**The problem**. Whatever appears in the records, retype it exactly, except for the pictures.

**Records to process**.
---

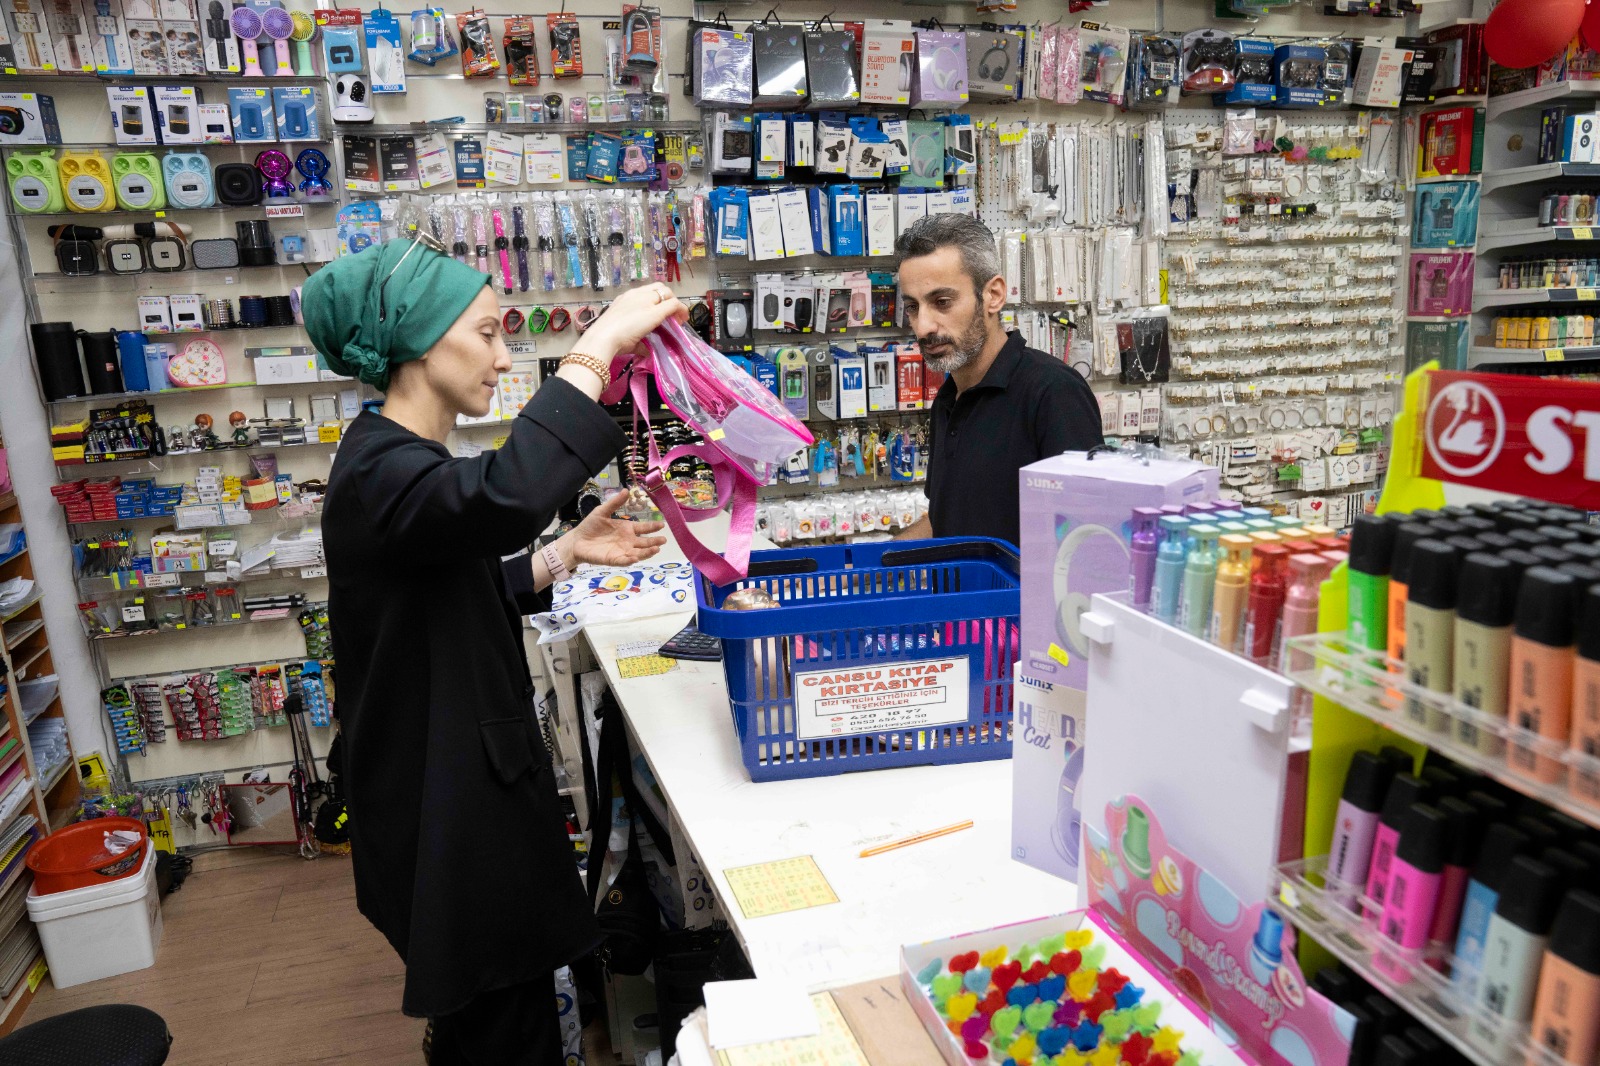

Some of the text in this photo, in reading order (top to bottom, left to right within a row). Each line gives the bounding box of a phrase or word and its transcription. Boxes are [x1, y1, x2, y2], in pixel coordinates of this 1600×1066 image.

[867, 55, 896, 64] BLUETOOTH
[866, 63, 885, 71] SOUND
[1437, 112, 1462, 122] PARLEMENT
[1429, 256, 1454, 264] PARLEMENT
[802, 670, 882, 687] CANSU
[1022, 726, 1051, 750] Cat
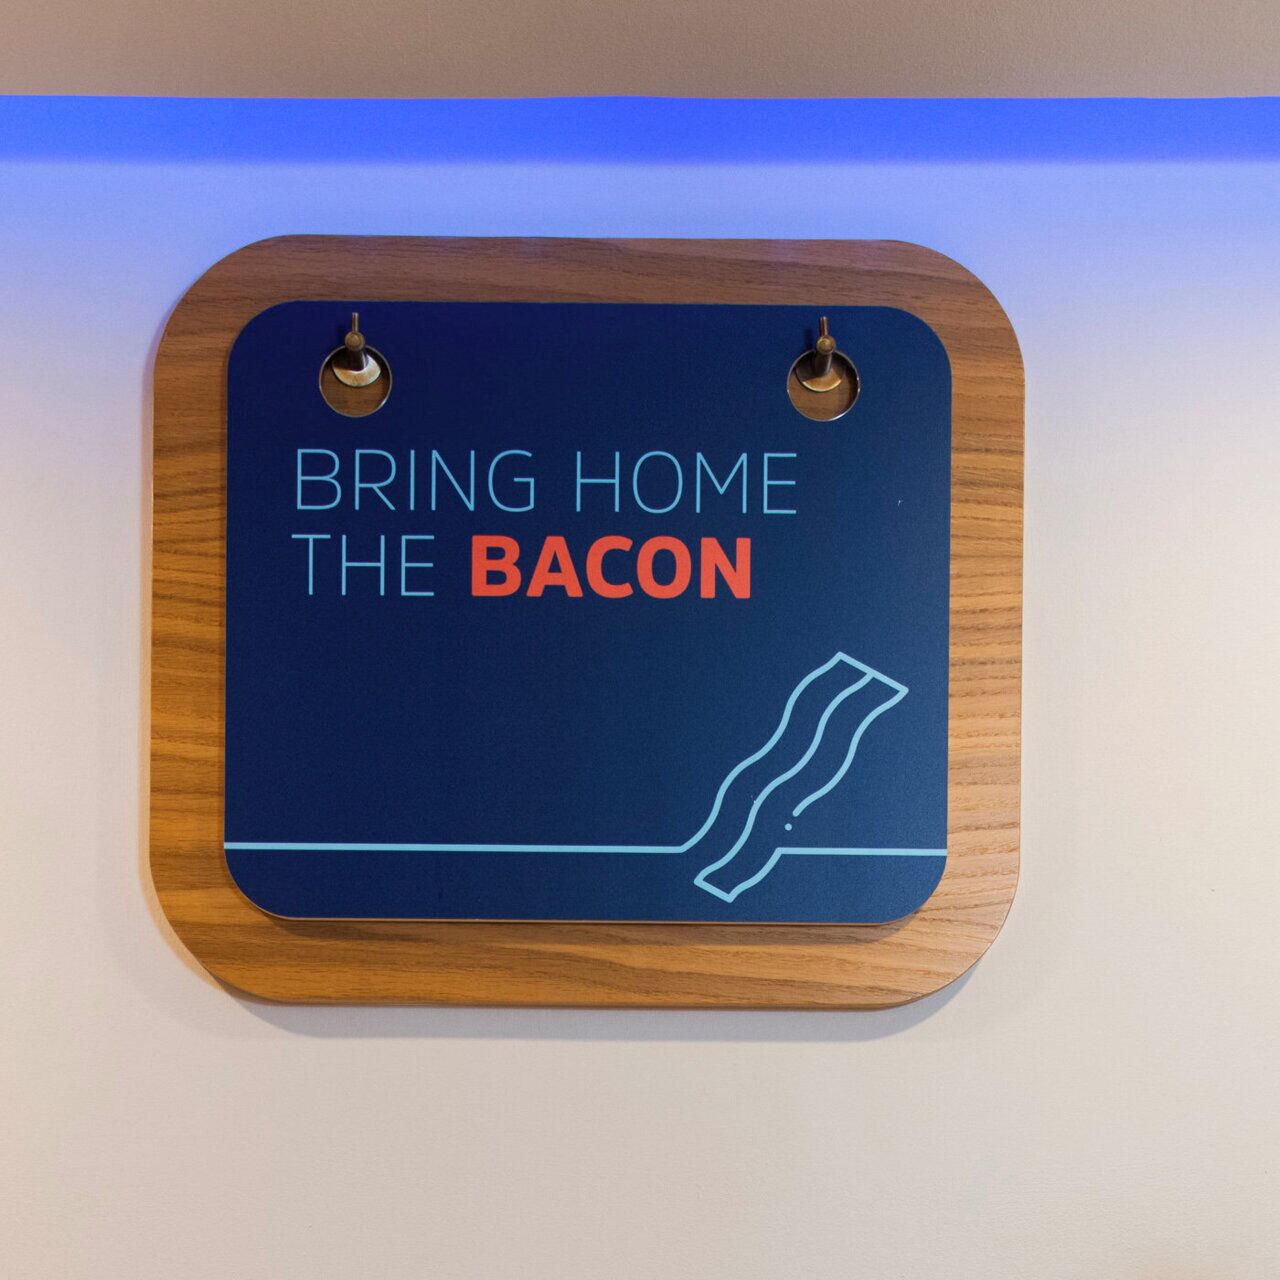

---

**Expected answer**.
Some of the text in this photo, in reading order (top to bottom, left to right within a row). Each line gives the bounding box of a phrase or word and its transcription. Boxes are [x1, y1, x2, y2], in pixel coordinates of this 1600×1066 image.

[867, 55, 896, 64] BLUETOOTH
[866, 63, 885, 71] SOUND
[1437, 112, 1462, 122] PARLEMENT
[1429, 256, 1454, 264] PARLEMENT
[802, 670, 882, 687] CANSU
[1022, 726, 1051, 750] Cat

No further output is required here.